Records to process:
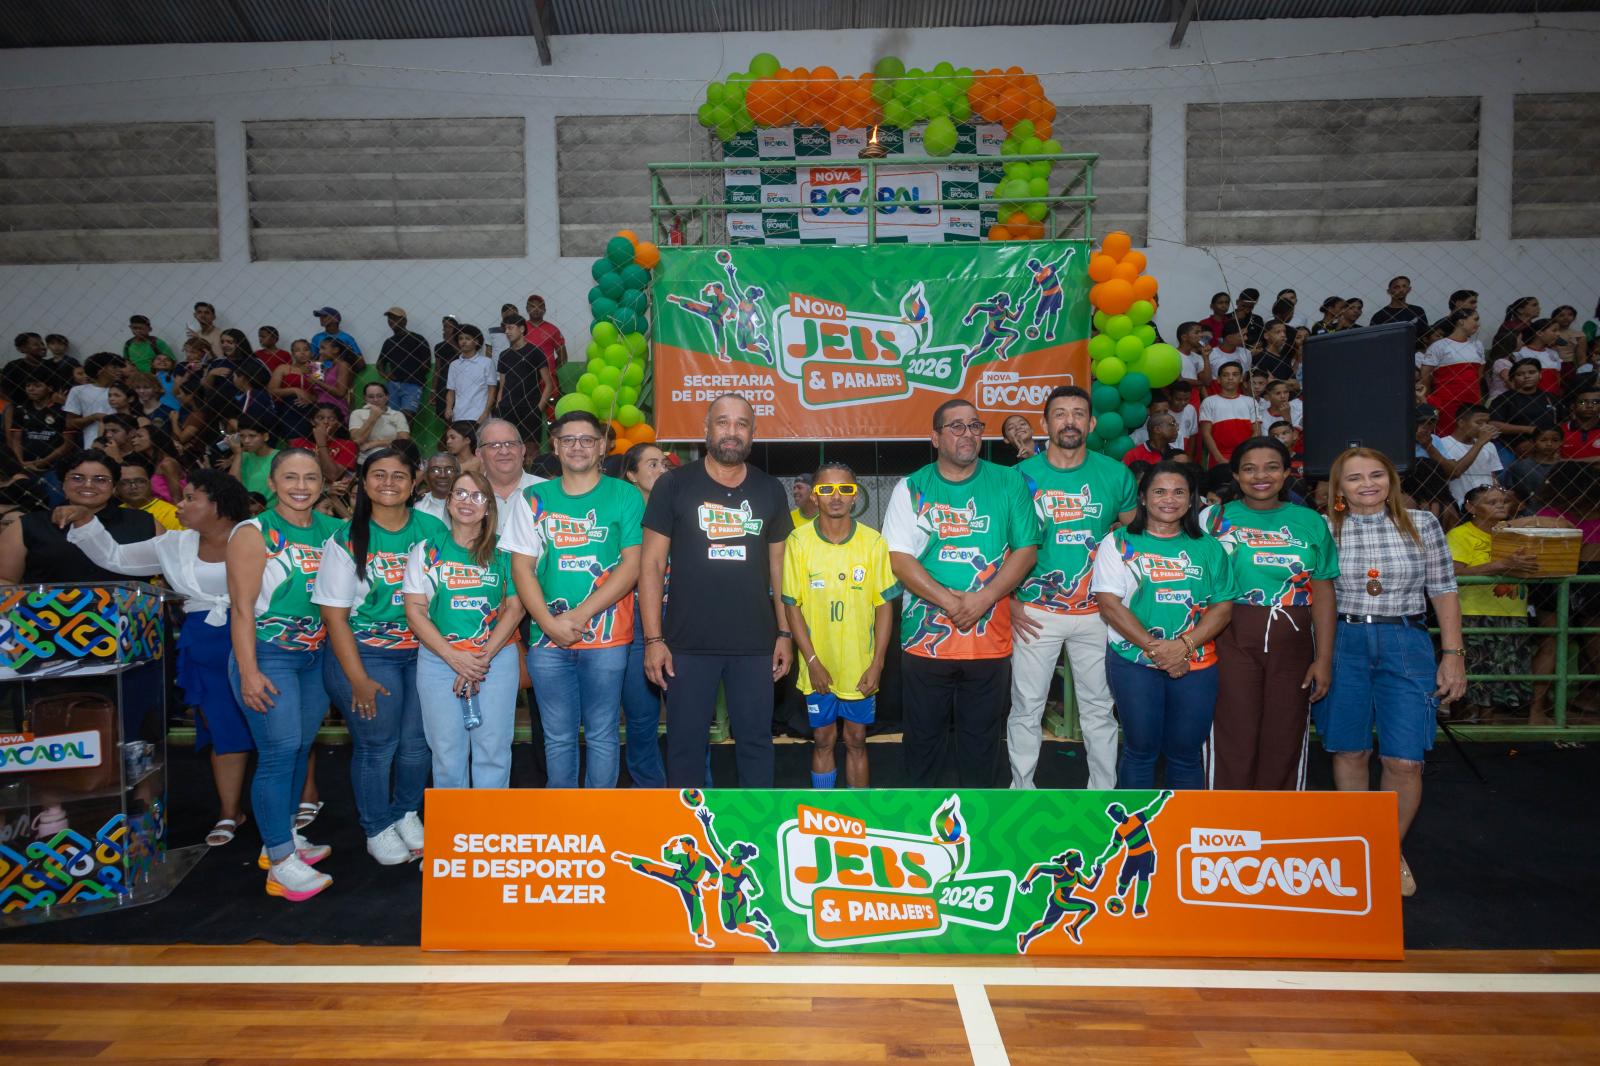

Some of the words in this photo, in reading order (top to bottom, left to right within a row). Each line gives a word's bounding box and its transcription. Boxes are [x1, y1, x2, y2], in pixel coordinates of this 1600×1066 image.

[815, 172, 850, 182] NOVA
[794, 297, 844, 318] NOVO
[787, 319, 901, 361] JEBS
[907, 358, 951, 379] 2026
[684, 374, 774, 387] SECRETARIA
[809, 371, 826, 390] &
[832, 371, 902, 388] PARAJEB'S
[672, 390, 692, 401] DE
[983, 385, 1058, 406] BACABA
[830, 600, 844, 622] 10
[0, 735, 25, 744] OVA
[803, 810, 863, 836] NOVO
[453, 834, 606, 853] SECRETARIA
[1199, 835, 1246, 847] NOVA
[433, 859, 466, 878] DE
[472, 859, 606, 879] DESPORTO
[794, 837, 933, 888] JEBS
[1191, 857, 1357, 896] BACABAL
[503, 884, 518, 903] E
[524, 884, 606, 904] LAZER
[939, 886, 994, 911] 2026
[820, 899, 842, 923] &
[848, 900, 934, 922] PARAJEB'S

Your objective: The listing above must be printed again exactly, minus its pictures.

Response to this task:
Some of the words in this photo, in reading order (top to bottom, left to right within a row). Each line gives a word's bounding box and its transcription. Boxes are [x1, y1, x2, y2], in pixel coordinates of this 1600×1066 image.

[815, 172, 850, 182] NOVA
[794, 297, 844, 318] NOVO
[787, 319, 901, 361] JEBS
[907, 358, 951, 379] 2026
[684, 374, 774, 387] SECRETARIA
[809, 371, 826, 390] &
[832, 371, 902, 388] PARAJEB'S
[672, 390, 692, 401] DE
[983, 385, 1058, 406] BACABA
[830, 600, 844, 622] 10
[0, 735, 25, 744] OVA
[803, 810, 863, 836] NOVO
[453, 834, 606, 853] SECRETARIA
[1199, 835, 1246, 847] NOVA
[433, 859, 466, 878] DE
[472, 859, 606, 879] DESPORTO
[794, 837, 933, 888] JEBS
[1191, 857, 1357, 896] BACABAL
[503, 884, 518, 903] E
[524, 884, 606, 904] LAZER
[939, 886, 994, 911] 2026
[820, 899, 842, 923] &
[848, 900, 934, 922] PARAJEB'S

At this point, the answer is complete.